Florida Residents Are Still Weathering the Storm in the Aftermath of Hurricane Andrew
The Cost of Starting Over is Prohibitive for Many

by Jennifer Grier

Border

On August 24, 1992, one of the worst natural disasters in U. S. history wreaked extensive damage on the homes and lives of south Florida residents. In the aftermath of Hurricane Andrew, regional and national policy implications are being addressed by the insurance and construction industries as they seek better ways to deal with the more frequent and catastrophic natural disasters. The following article explores the increase in cost to rebuild in an area affected by a natural disaster and the impact on the local affordable housing market.

Hurricane Andrew wrought catastrophic damage on southeastern Florida in 1992 with total costs estimated at $30 billion and $15.5 billion in insurance claims. The property damage inflicted by the hurricane was the worst in American history - quadruple that of any previous calamity. Four years later, the storm's impact on the construction and insurance industries is still being felt by the hundreds of residents trying to rebuild in the area.

Insuring the Risk

In the aftermath of the storm, the insurance industry has had to reevaluate the way it assesses risk in hurricane-prone, coastal areas. The cost to the insurance industry was the largest of any previous natural disaster, causing many Florida insurers to withdraw from the market completely or place caps on the number of new policies written. Eight small Florida insurance companies went out of business when faced with paying huge storm claims.

However, even insurance giants such as Allstate and State Farm greatly reduced their coverage in south Florida. The Florida Depart-ment of Insurance imposed a six-month moratorium from May to November of 1993 on cancellations of existing homeowner policies in reaction to several insurance companies announcing plans to drop thousands of homeowners in the wake of losses caused by Hurricane Andrew. During the most recent legislative session, the moratorium was extended to November 1999, and for the first time insurance companies were given the authority to transfer business to other companies, effectively limiting their liability.

Joint Underwriting Associations

In an effort to provide coverage to homeowners unable to obtain insurance in the private market, the State of Florida began selling policies from its Florida Residential Property and Casualty Joint Underwriting Association (JUA), a publicly run insurer of last resort supported by premium dollars collected from property casualty insurers in the state.

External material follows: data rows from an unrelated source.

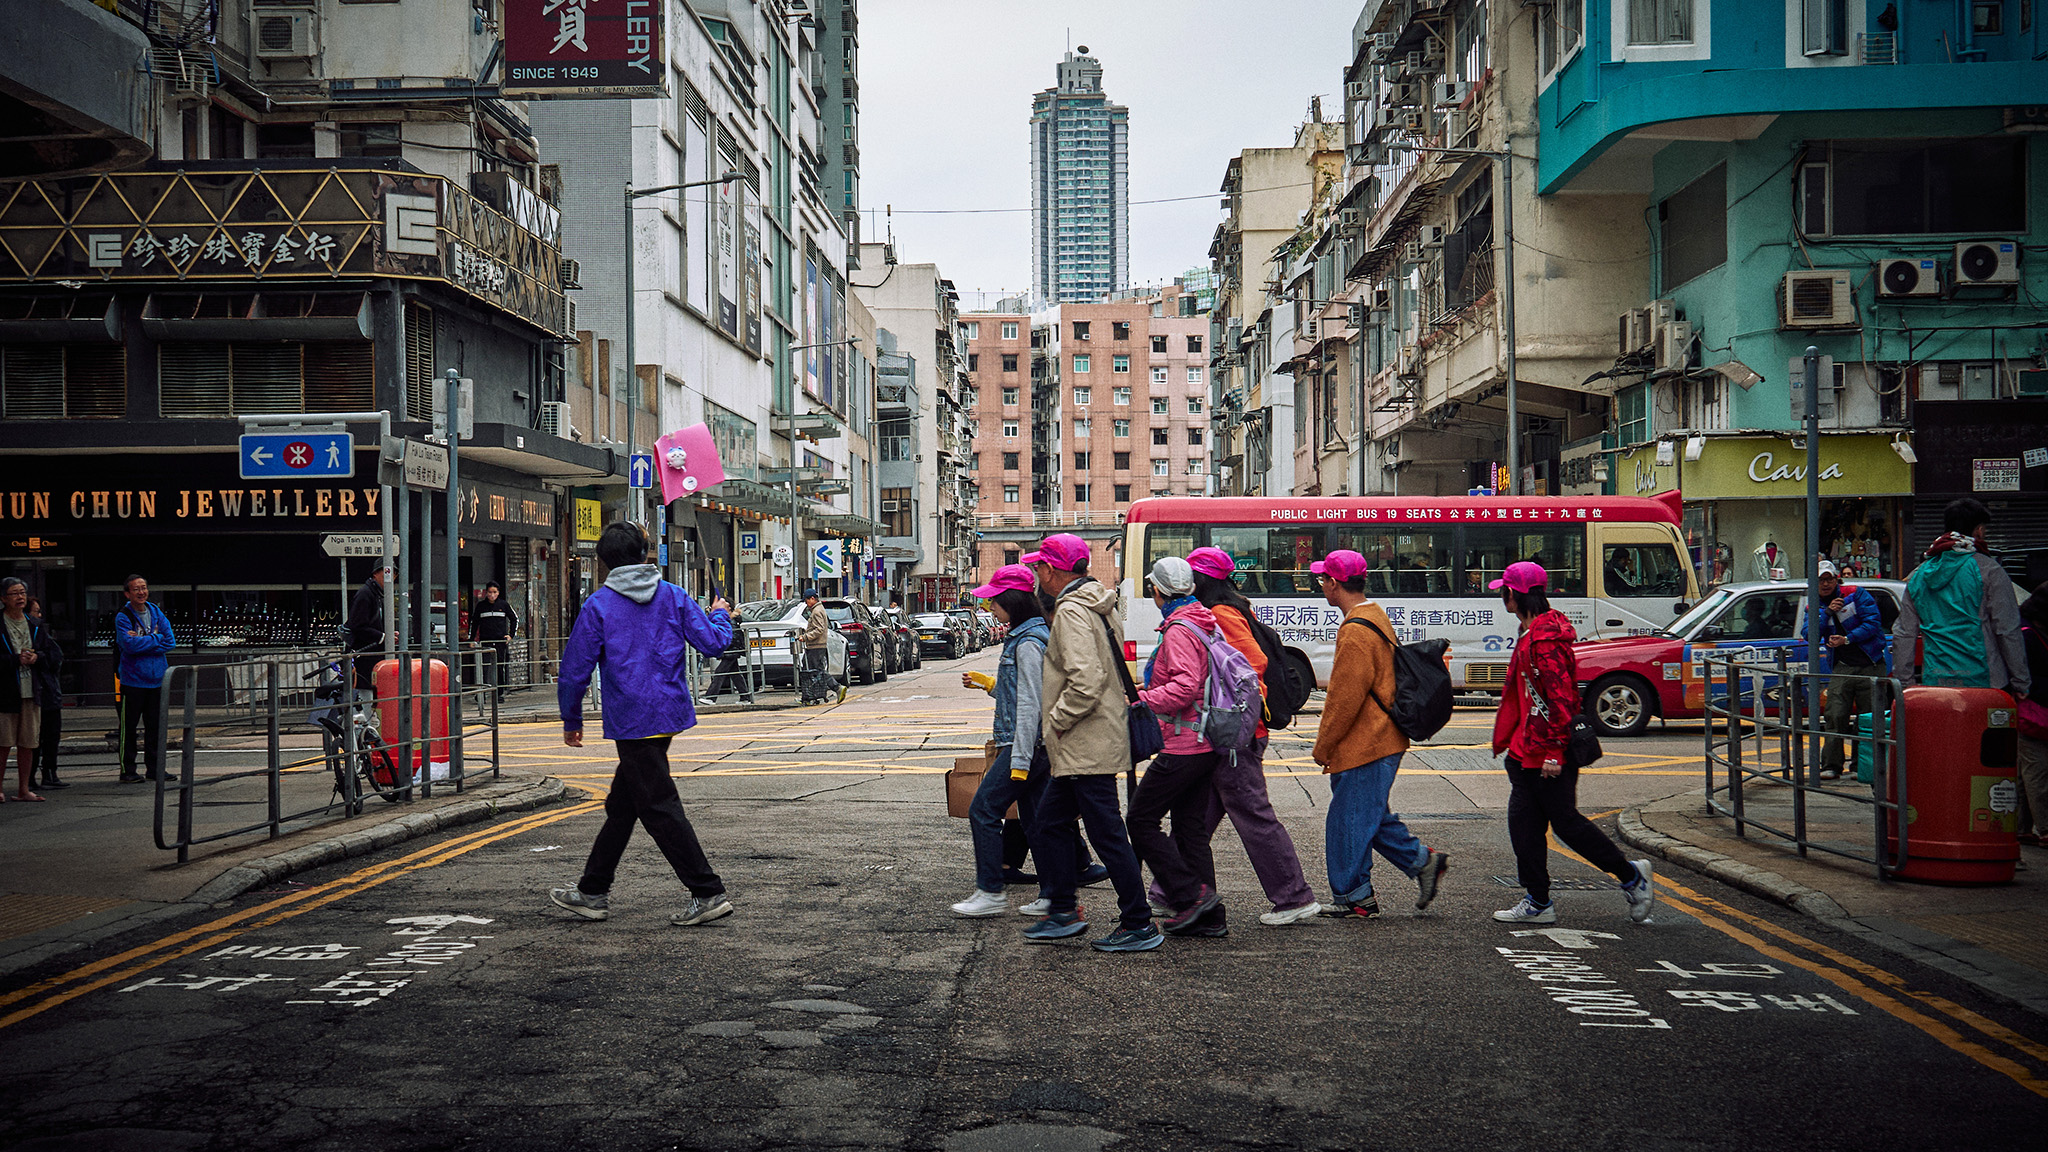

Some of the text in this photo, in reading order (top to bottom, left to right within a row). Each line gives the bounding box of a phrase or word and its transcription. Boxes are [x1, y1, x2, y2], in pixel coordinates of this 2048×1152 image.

[512, 66, 599, 80] SINCE 1949
[131, 231, 337, 268] 珍珍珠寶金行
[1748, 452, 1844, 482] Cava
[70, 491, 157, 519] CHUN
[176, 489, 380, 518] JEWELLERY
[1270, 508, 1603, 519] PUBLIC LIGHT BUS 19 SEATS 公共小型巴士十九座位
[331, 536, 345, 545] Nga
[347, 536, 361, 544] Tsin
[362, 536, 376, 544] Wai
[744, 536, 754, 547] P
[1254, 605, 1319, 626] 糖尿病
[1323, 610, 1340, 626] 及
[1410, 609, 1495, 626] 篩查和治理
[1392, 627, 1427, 642] 計劃
[1495, 946, 1618, 984] RIGHT
[1541, 985, 1673, 1030] LOOK
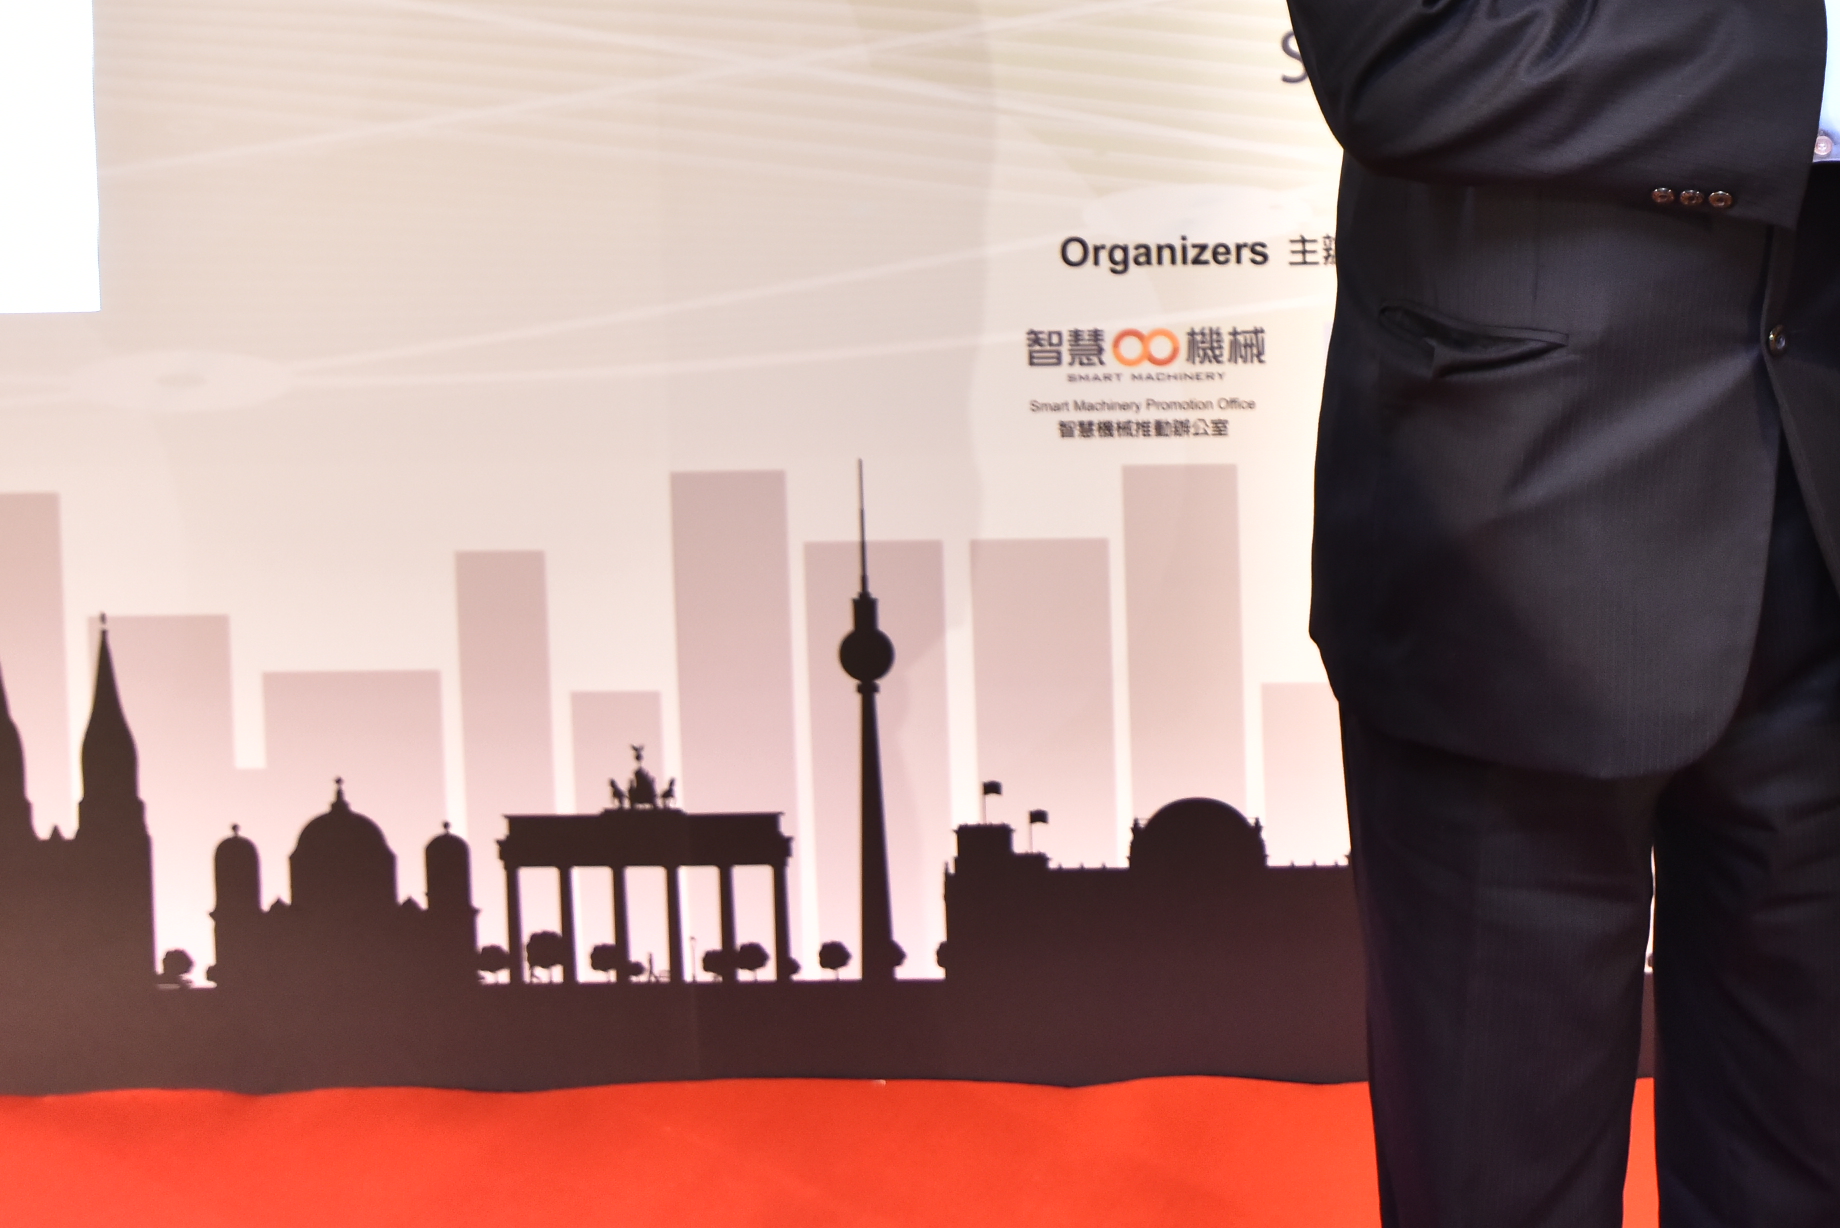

Although the JUA was intended to be a stop-gap measure until private insurers came back into the market, it is currently the third largest insurer in the state with 895,000 residential policyholders. The size of the JUA has posed serious concern about its overexposure in the event of another big storm. State regulations allow the JUA to recoup any deficit incurred by assessing its member companies on a pro rata basis based on market share.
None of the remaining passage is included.